Data section »
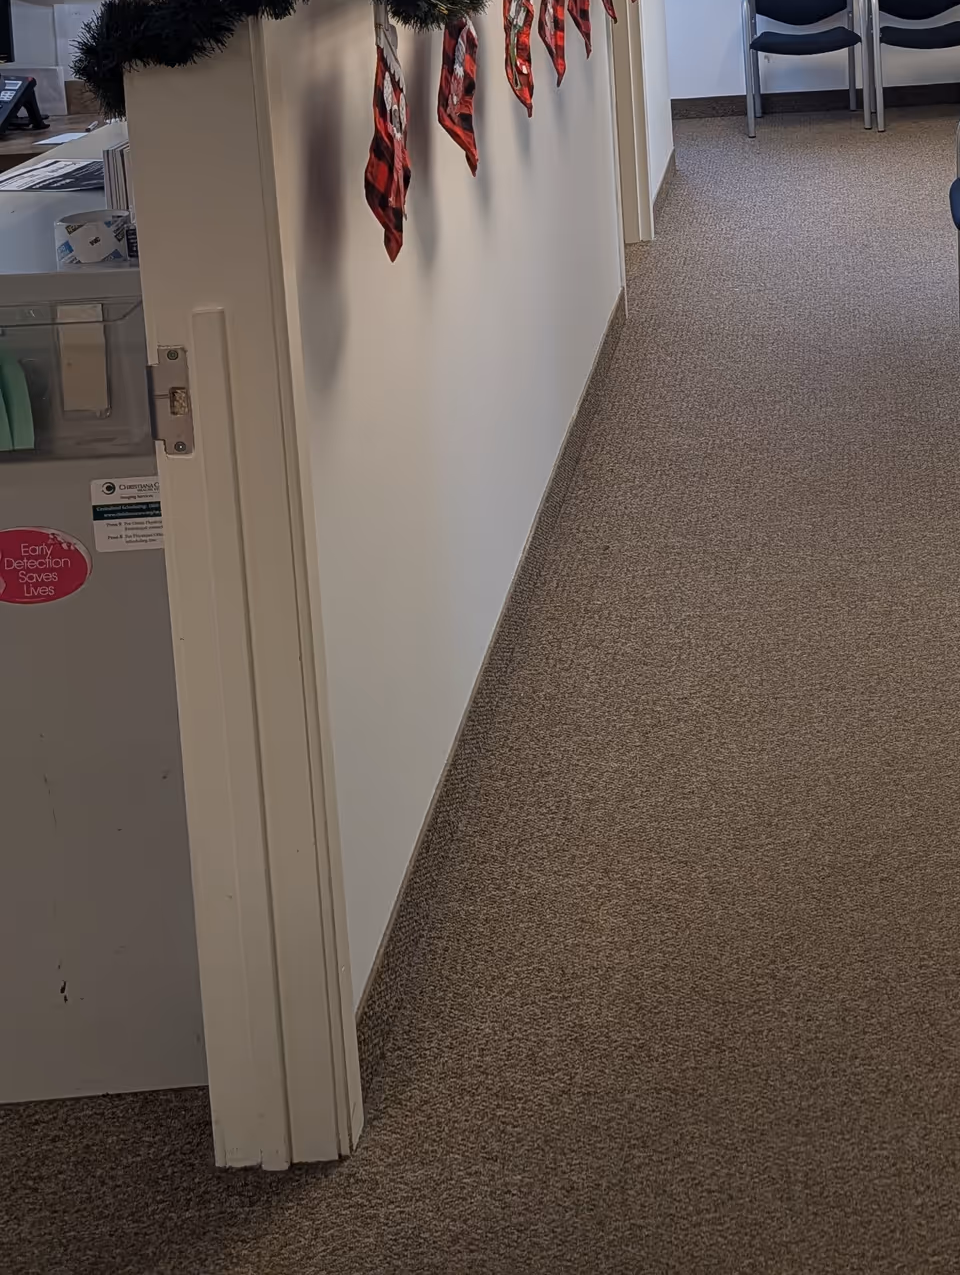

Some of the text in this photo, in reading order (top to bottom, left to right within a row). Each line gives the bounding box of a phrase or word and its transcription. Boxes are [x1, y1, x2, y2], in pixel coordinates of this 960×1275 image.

[21, 543, 54, 558] Early
[4, 556, 71, 570] Detection
[18, 570, 58, 583] Saves
[24, 584, 55, 597] Lives

What to produce » Exactly reproduce each record, leaving out any pictures.

Worked solution »
Some of the text in this photo, in reading order (top to bottom, left to right within a row). Each line gives the bounding box of a phrase or word and its transcription. Boxes are [x1, y1, x2, y2], in pixel coordinates of this 960×1275 image.

[21, 543, 54, 558] Early
[4, 556, 71, 570] Detection
[18, 570, 58, 583] Saves
[24, 584, 55, 597] Lives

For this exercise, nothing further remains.